▶ [WHAT THE EXERCISE ASKS]:
From the line containing "Some of the words" to the very last line of the data below, transcribe everything exactly and nothing more.

━━ DATA FOR ANALYSIS ━━

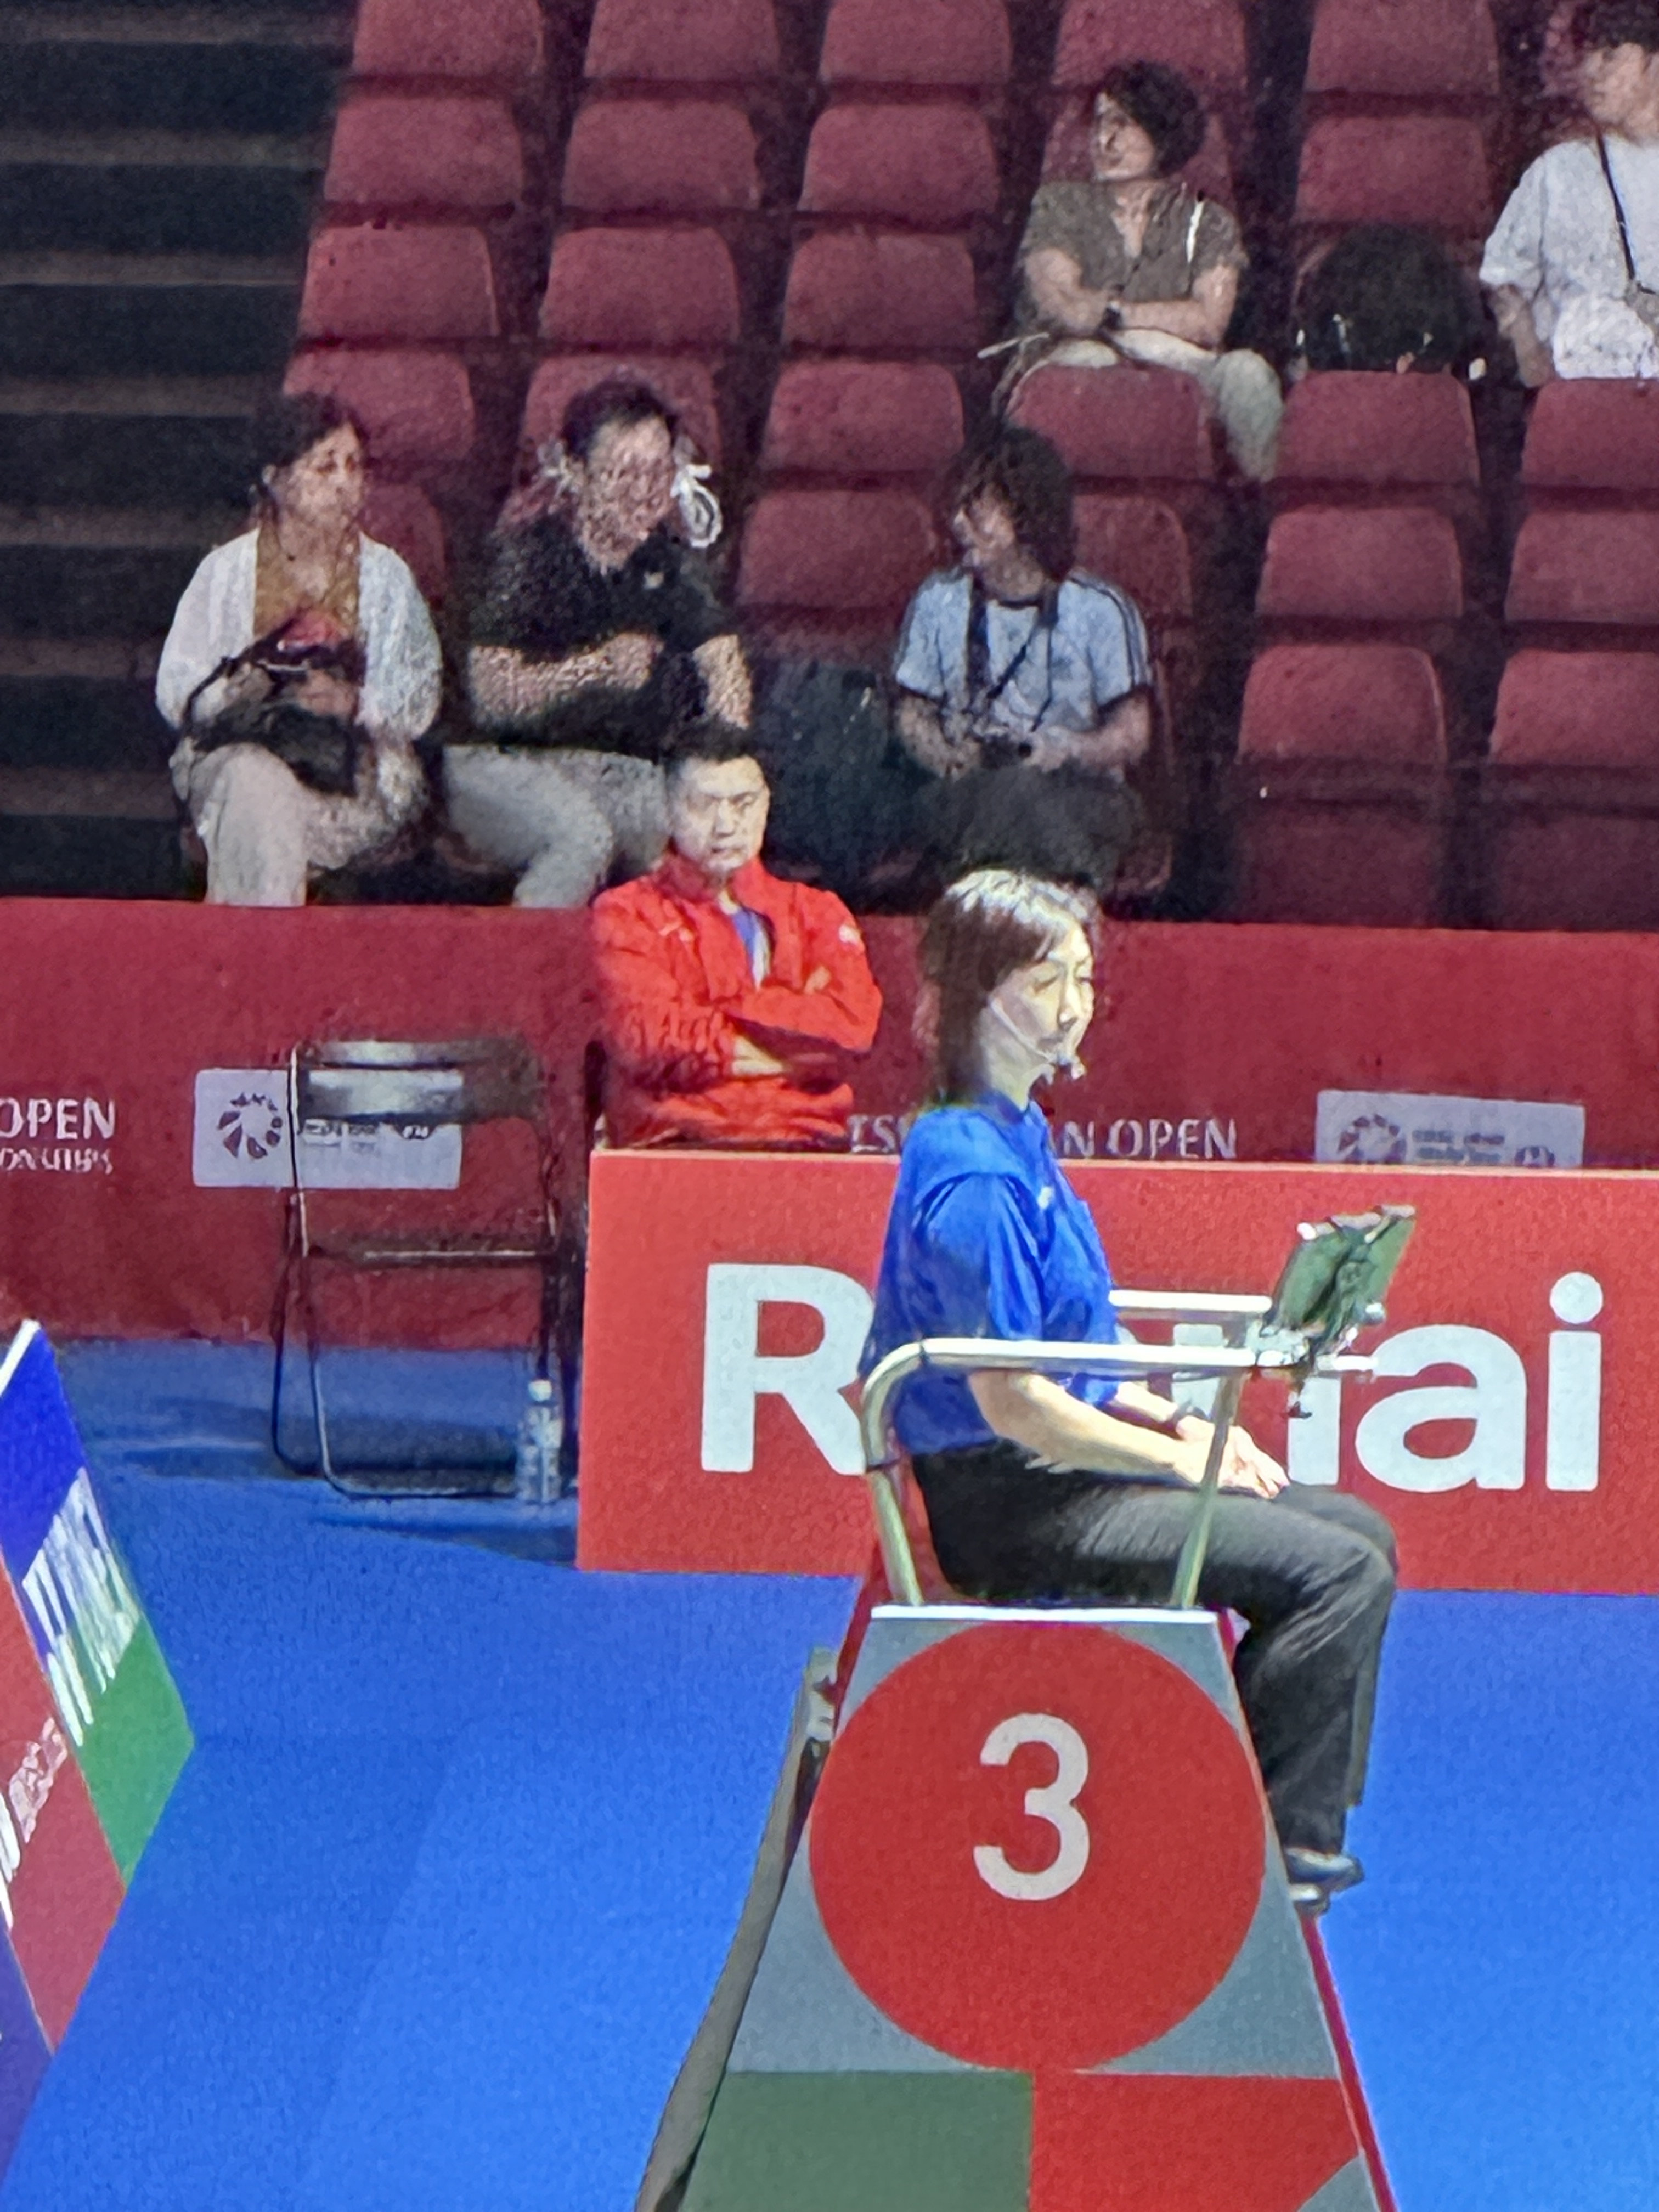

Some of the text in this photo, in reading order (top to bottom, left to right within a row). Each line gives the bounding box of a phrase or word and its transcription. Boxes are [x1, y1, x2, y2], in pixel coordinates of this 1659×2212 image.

[0, 1097, 115, 1140] OPEN
[1107, 1118, 1238, 1159] OPEN
[701, 1263, 1604, 1493] Rnai
[973, 1712, 1090, 1901] 3
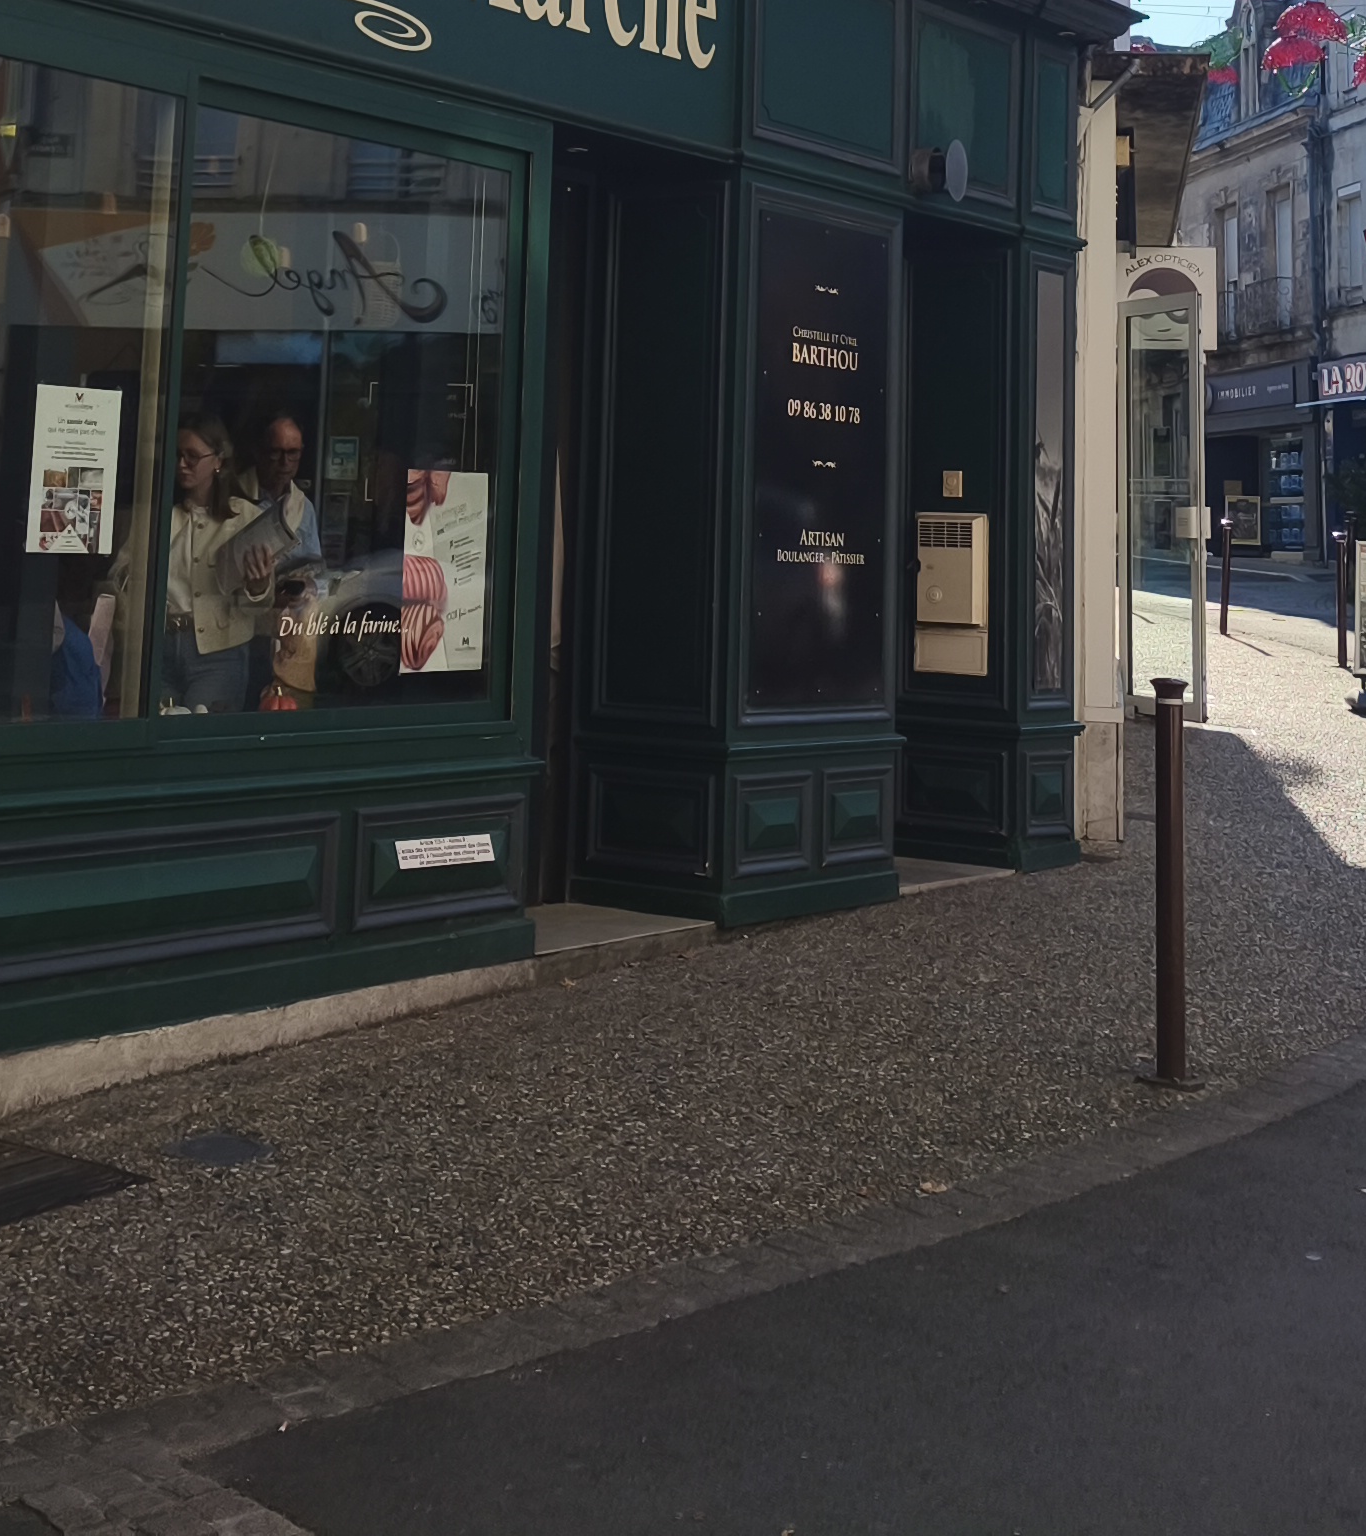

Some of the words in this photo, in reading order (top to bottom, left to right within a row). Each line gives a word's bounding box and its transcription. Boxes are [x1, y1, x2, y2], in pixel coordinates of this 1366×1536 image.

[1125, 255, 1153, 278] ALEX
[1154, 254, 1204, 278] OPTICIEN
[792, 342, 859, 371] BARTHOU
[1217, 385, 1257, 400] IMMOBILIER
[1321, 365, 1343, 396] LA
[787, 398, 801, 417] 09
[803, 400, 817, 419] 86
[818, 402, 832, 421] 38
[835, 405, 846, 423] 10
[848, 406, 861, 424] 78
[799, 528, 845, 547] ARTISAN
[776, 549, 825, 563] BOULANGER
[831, 550, 865, 565] PÂTISSIER
[279, 616, 302, 637] Du
[306, 611, 329, 637] blé
[329, 614, 339, 636] à
[343, 611, 356, 635] la

━━━

▶ [TASK RESULT]:
Some of the words in this photo, in reading order (top to bottom, left to right within a row). Each line gives a word's bounding box and its transcription. Boxes are [x1, y1, x2, y2], in pixel coordinates of this 1366×1536 image.

[1125, 255, 1153, 278] ALEX
[1154, 254, 1204, 278] OPTICIEN
[792, 342, 859, 371] BARTHOU
[1217, 385, 1257, 400] IMMOBILIER
[1321, 365, 1343, 396] LA
[787, 398, 801, 417] 09
[803, 400, 817, 419] 86
[818, 402, 832, 421] 38
[835, 405, 846, 423] 10
[848, 406, 861, 424] 78
[799, 528, 845, 547] ARTISAN
[776, 549, 825, 563] BOULANGER
[831, 550, 865, 565] PÂTISSIER
[279, 616, 302, 637] Du
[306, 611, 329, 637] blé
[329, 614, 339, 636] à
[343, 611, 356, 635] la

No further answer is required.